## THE DATA
########

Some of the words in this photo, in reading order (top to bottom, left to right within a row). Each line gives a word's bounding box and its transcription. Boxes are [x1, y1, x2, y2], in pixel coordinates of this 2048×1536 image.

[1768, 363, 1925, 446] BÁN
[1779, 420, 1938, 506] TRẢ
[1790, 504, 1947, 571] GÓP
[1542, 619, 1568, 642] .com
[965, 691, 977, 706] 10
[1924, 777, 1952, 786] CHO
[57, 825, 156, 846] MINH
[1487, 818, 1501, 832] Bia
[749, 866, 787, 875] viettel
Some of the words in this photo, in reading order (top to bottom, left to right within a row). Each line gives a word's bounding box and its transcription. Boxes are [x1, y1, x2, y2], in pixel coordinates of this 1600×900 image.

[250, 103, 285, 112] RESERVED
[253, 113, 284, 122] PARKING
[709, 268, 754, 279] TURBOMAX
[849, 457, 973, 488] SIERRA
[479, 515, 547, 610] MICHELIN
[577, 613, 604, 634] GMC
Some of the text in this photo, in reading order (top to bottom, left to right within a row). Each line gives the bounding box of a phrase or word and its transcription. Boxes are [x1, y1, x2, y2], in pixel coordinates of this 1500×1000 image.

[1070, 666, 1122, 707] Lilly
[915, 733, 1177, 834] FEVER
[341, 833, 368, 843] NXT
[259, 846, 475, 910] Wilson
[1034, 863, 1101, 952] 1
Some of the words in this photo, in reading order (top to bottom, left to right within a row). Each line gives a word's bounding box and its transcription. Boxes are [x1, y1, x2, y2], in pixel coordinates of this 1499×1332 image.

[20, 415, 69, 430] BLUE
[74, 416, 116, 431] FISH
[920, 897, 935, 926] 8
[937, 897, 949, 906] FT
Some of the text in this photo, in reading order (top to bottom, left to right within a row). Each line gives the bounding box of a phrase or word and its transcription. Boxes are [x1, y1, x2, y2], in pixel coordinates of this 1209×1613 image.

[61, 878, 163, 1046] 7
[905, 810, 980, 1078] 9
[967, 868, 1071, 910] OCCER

########

## ABOUT THIS EXERCISE
Transcribe the listing above exactly, including every line.

## RESPONSE
Some of the words in this photo, in reading order (top to bottom, left to right within a row). Each line gives a word's bounding box and its transcription. Boxes are [x1, y1, x2, y2], in pixel coordinates of this 2048×1536 image.

[1768, 363, 1925, 446] BÁN
[1779, 420, 1938, 506] TRẢ
[1790, 504, 1947, 571] GÓP
[1542, 619, 1568, 642] .com
[965, 691, 977, 706] 10
[1924, 777, 1952, 786] CHO
[57, 825, 156, 846] MINH
[1487, 818, 1501, 832] Bia
[749, 866, 787, 875] viettel
Some of the words in this photo, in reading order (top to bottom, left to right within a row). Each line gives a word's bounding box and its transcription. Boxes are [x1, y1, x2, y2], in pixel coordinates of this 1600×900 image.

[250, 103, 285, 112] RESERVED
[253, 113, 284, 122] PARKING
[709, 268, 754, 279] TURBOMAX
[849, 457, 973, 488] SIERRA
[479, 515, 547, 610] MICHELIN
[577, 613, 604, 634] GMC
Some of the text in this photo, in reading order (top to bottom, left to right within a row). Each line gives the bounding box of a phrase or word and its transcription. Boxes are [x1, y1, x2, y2], in pixel coordinates of this 1500×1000 image.

[1070, 666, 1122, 707] Lilly
[915, 733, 1177, 834] FEVER
[341, 833, 368, 843] NXT
[259, 846, 475, 910] Wilson
[1034, 863, 1101, 952] 1
Some of the words in this photo, in reading order (top to bottom, left to right within a row). Each line gives a word's bounding box and its transcription. Boxes are [x1, y1, x2, y2], in pixel coordinates of this 1499×1332 image.

[20, 415, 69, 430] BLUE
[74, 416, 116, 431] FISH
[920, 897, 935, 926] 8
[937, 897, 949, 906] FT
Some of the text in this photo, in reading order (top to bottom, left to right within a row). Each line gives the bounding box of a phrase or word and its transcription. Boxes are [x1, y1, x2, y2], in pixel coordinates of this 1209×1613 image.

[61, 878, 163, 1046] 7
[905, 810, 980, 1078] 9
[967, 868, 1071, 910] OCCER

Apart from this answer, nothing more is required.